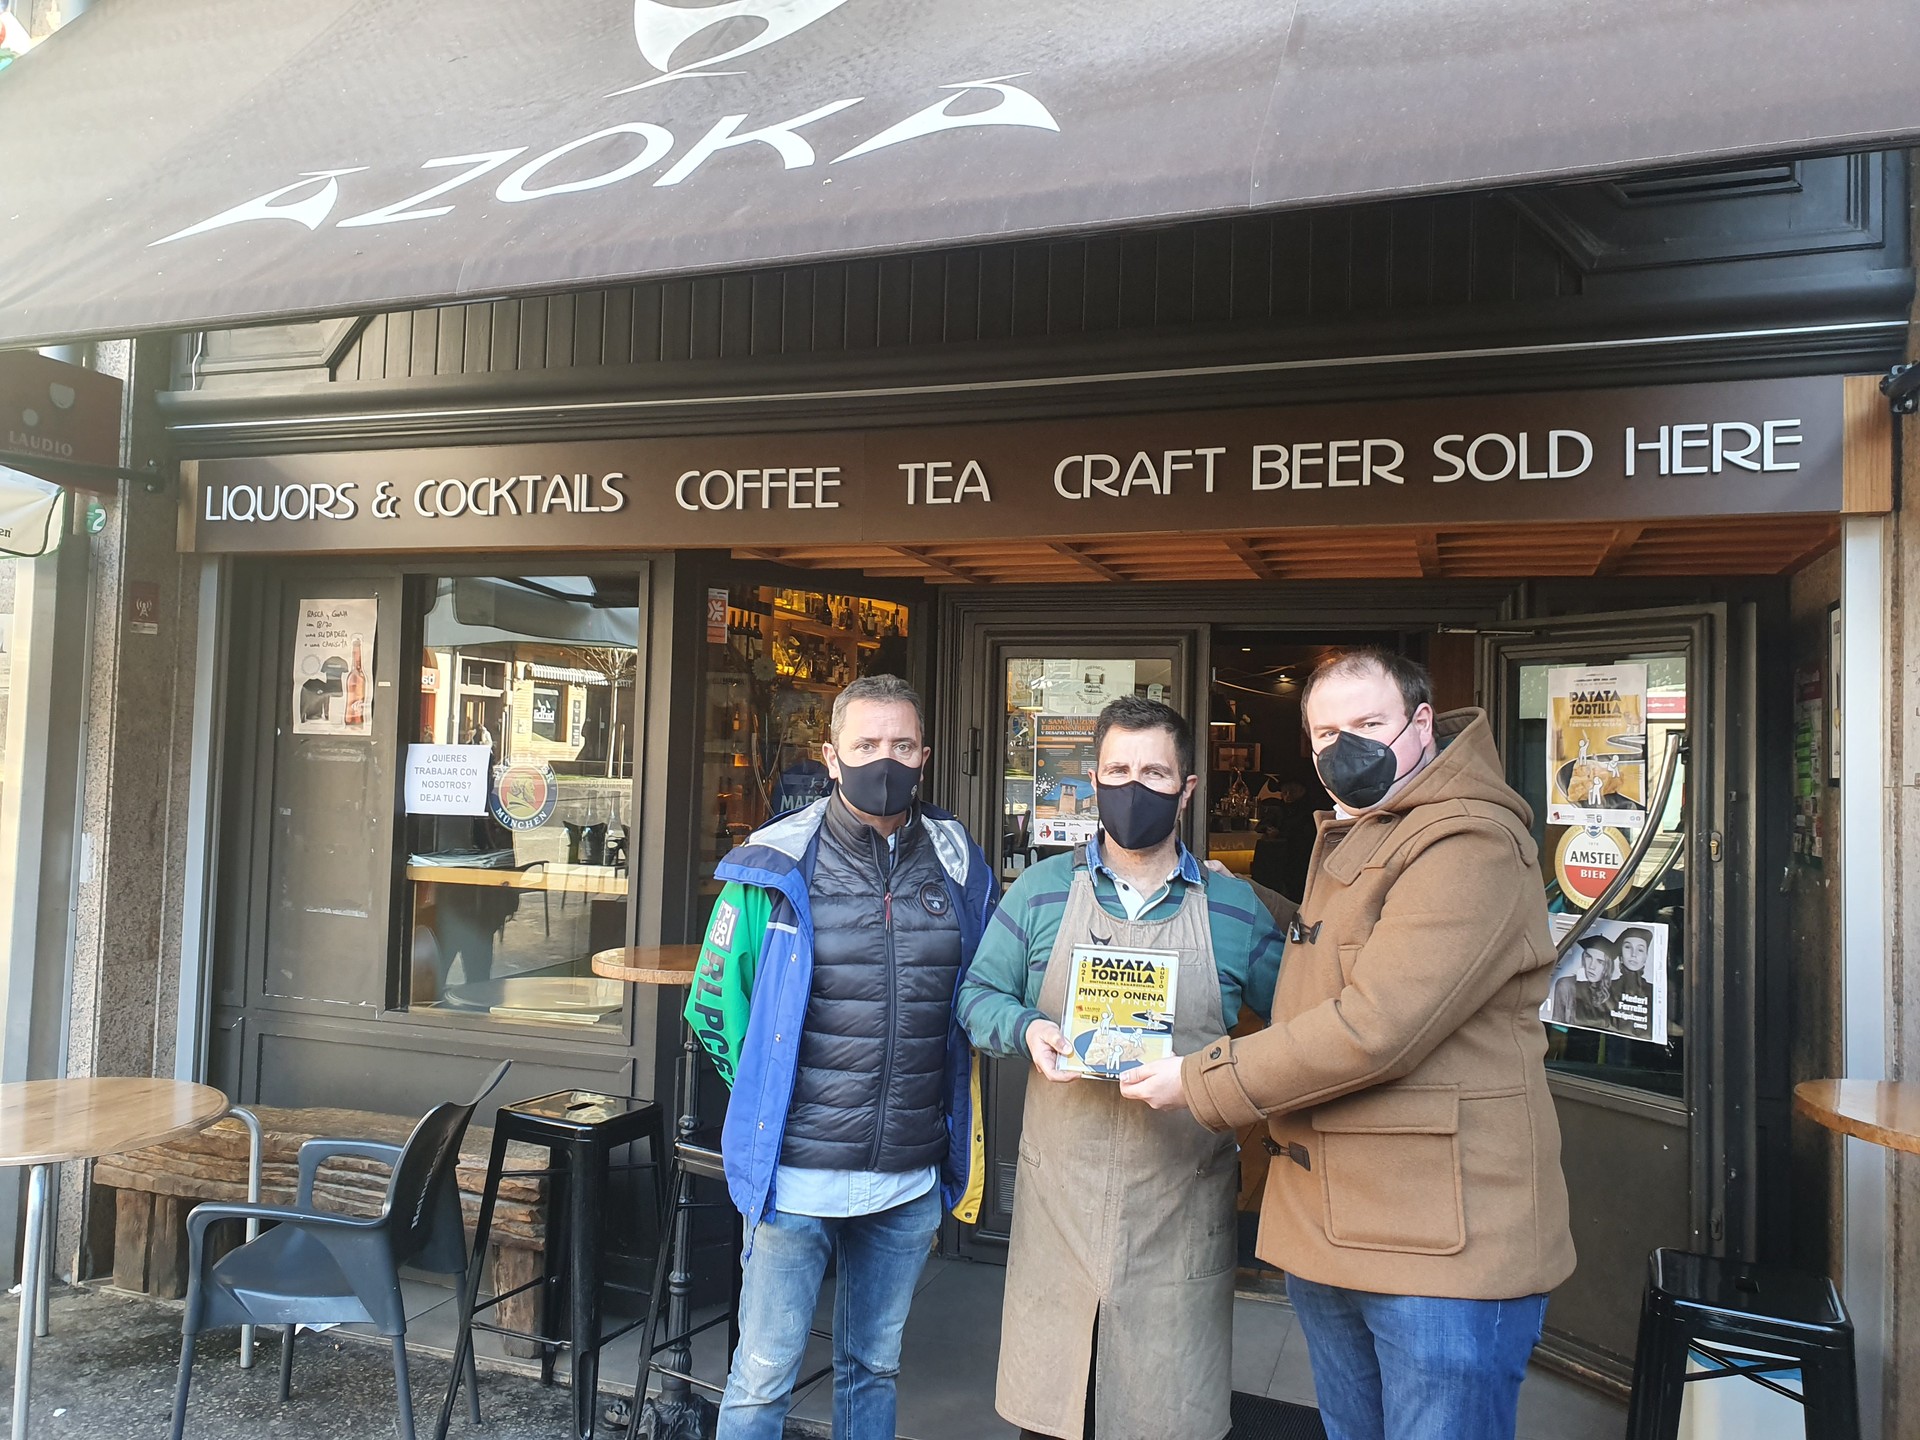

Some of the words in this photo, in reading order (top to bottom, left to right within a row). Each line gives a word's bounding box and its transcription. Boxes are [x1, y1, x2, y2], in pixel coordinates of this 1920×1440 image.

[9, 430, 73, 457] LAUDIO
[1053, 447, 1226, 499] CRAFT
[1251, 438, 1405, 491] BEER
[1432, 429, 1594, 484] SOLD
[1625, 419, 1803, 477] HERE
[675, 466, 841, 511] COFFEE
[898, 460, 991, 504] TEA
[205, 482, 356, 522] LIQUORS
[371, 481, 399, 518] &
[413, 472, 625, 518] COCKTAILS
[1569, 689, 1622, 702] PATATA
[1569, 702, 1622, 715] TORTILLA
[426, 754, 467, 763] ¿QUIERES
[414, 766, 458, 776] TRABAJAR
[459, 767, 478, 776] CON
[421, 780, 472, 790] NOSOTROS?
[419, 793, 441, 802] DEJA
[443, 794, 453, 803] TU
[780, 794, 823, 812] MA
[1569, 850, 1619, 866] AMSTEL
[1580, 869, 1607, 880] BIER
[1091, 957, 1156, 973] PATATA
[1091, 968, 1156, 984] TORTILLA
[1078, 987, 1120, 998] PINTXO
[1123, 991, 1165, 1002] ONENA
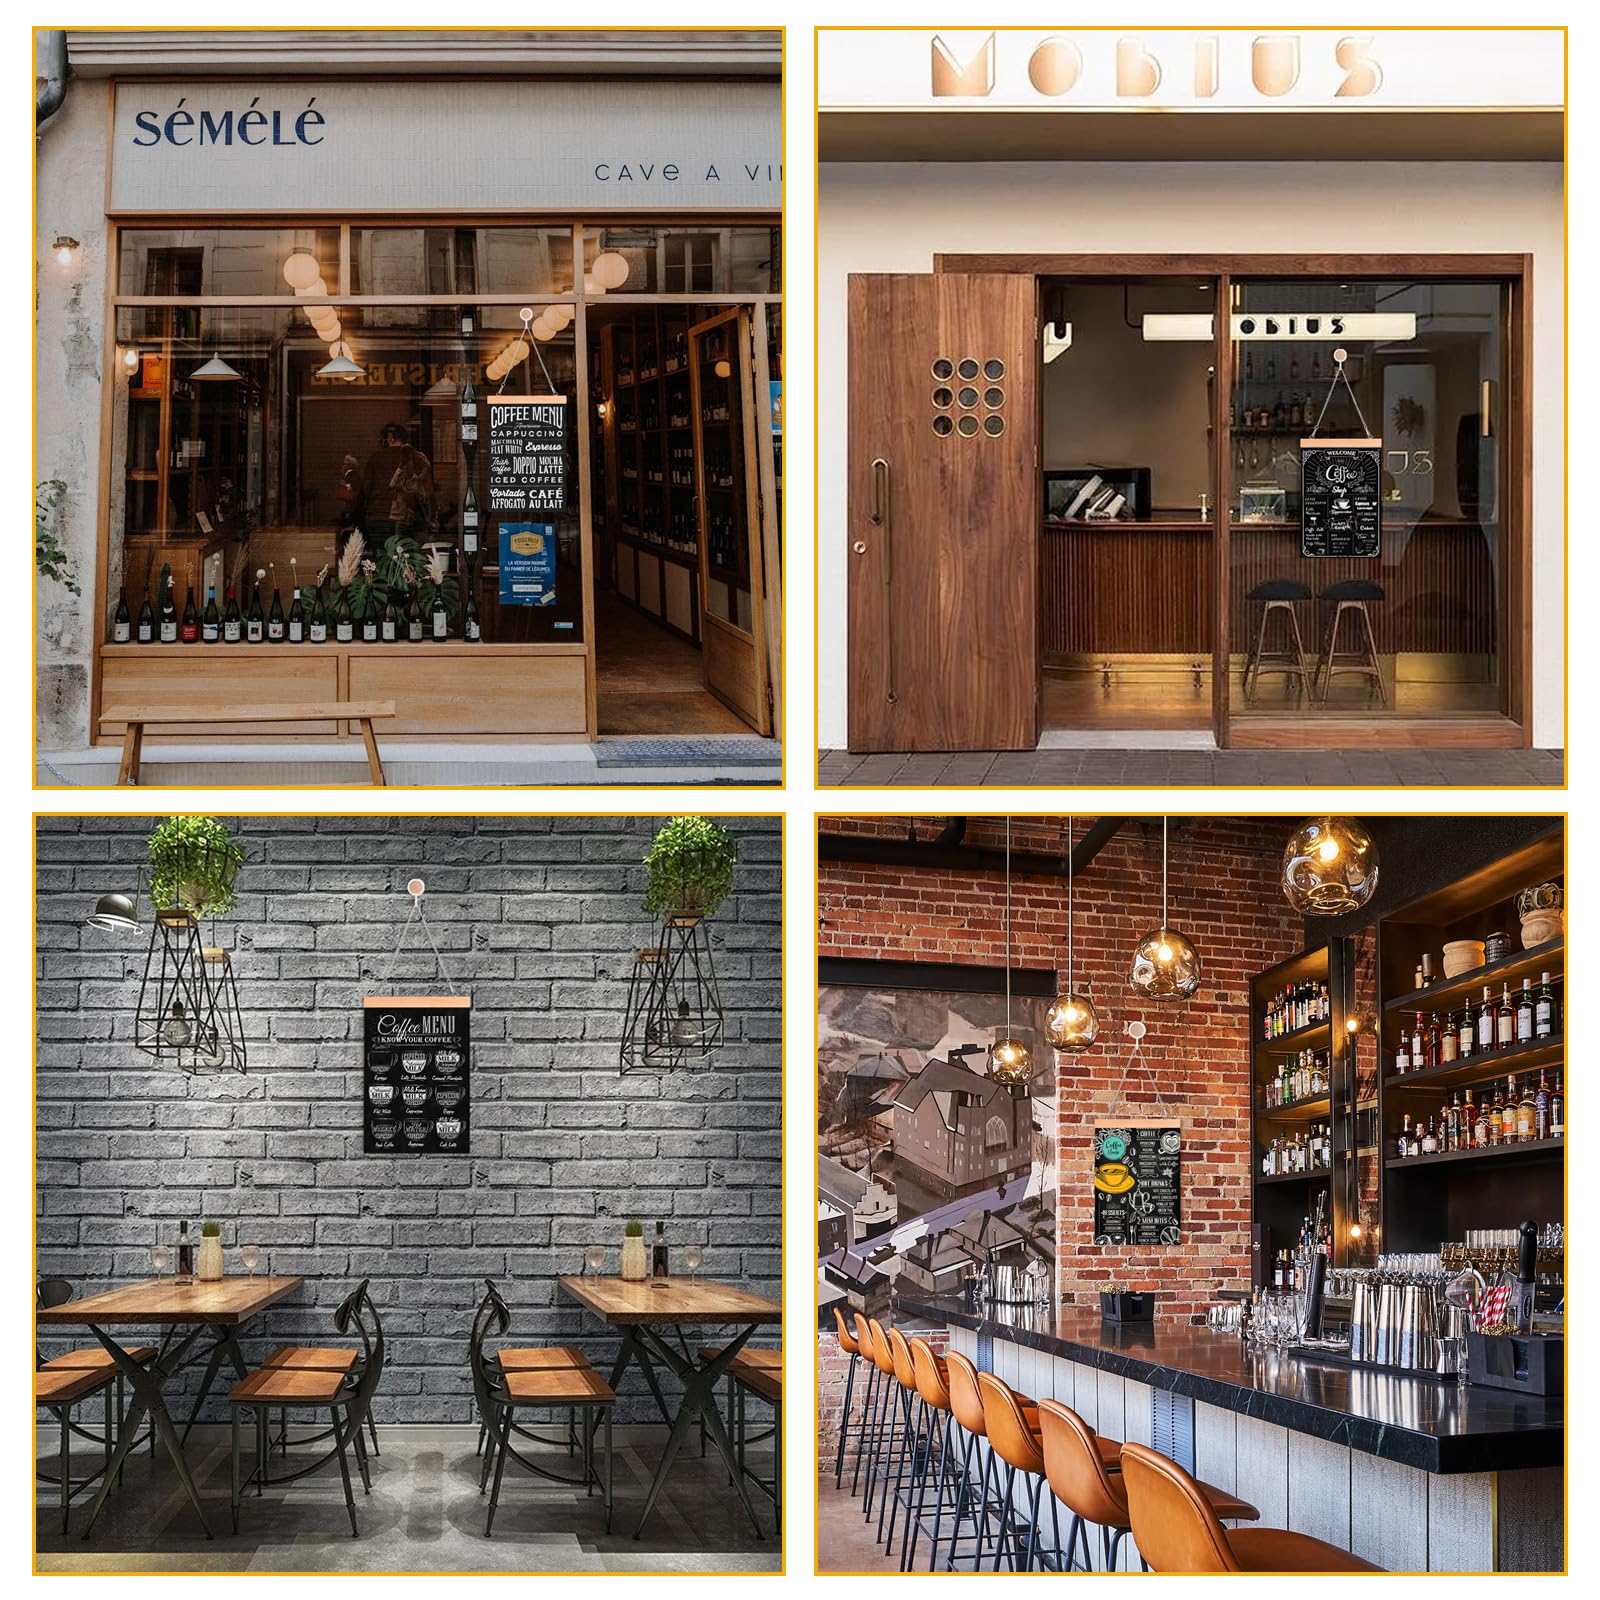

========================================

■ TASK DESCRIPTION: Omit the pictures, then print the rest of the listing above exactly.

■ REPLY TO THE EXERCISE:
Some of the words in this photo, in reading order (top to bottom, left to right within a row). Each line gives a word's bounding box and its transcription. Boxes are [x1, y1, x2, y2], in pixel coordinates of this 1920×1440 image.

[9, 430, 73, 457] LAUDIO
[1053, 447, 1226, 499] CRAFT
[1251, 438, 1405, 491] BEER
[1432, 429, 1594, 484] SOLD
[1625, 419, 1803, 477] HERE
[675, 466, 841, 511] COFFEE
[898, 460, 991, 504] TEA
[205, 482, 356, 522] LIQUORS
[371, 481, 399, 518] &
[413, 472, 625, 518] COCKTAILS
[1569, 689, 1622, 702] PATATA
[1569, 702, 1622, 715] TORTILLA
[426, 754, 467, 763] ¿QUIERES
[414, 766, 458, 776] TRABAJAR
[459, 767, 478, 776] CON
[421, 780, 472, 790] NOSOTROS?
[419, 793, 441, 802] DEJA
[443, 794, 453, 803] TU
[780, 794, 823, 812] MA
[1569, 850, 1619, 866] AMSTEL
[1580, 869, 1607, 880] BIER
[1091, 957, 1156, 973] PATATA
[1091, 968, 1156, 984] TORTILLA
[1078, 987, 1120, 998] PINTXO
[1123, 991, 1165, 1002] ONENA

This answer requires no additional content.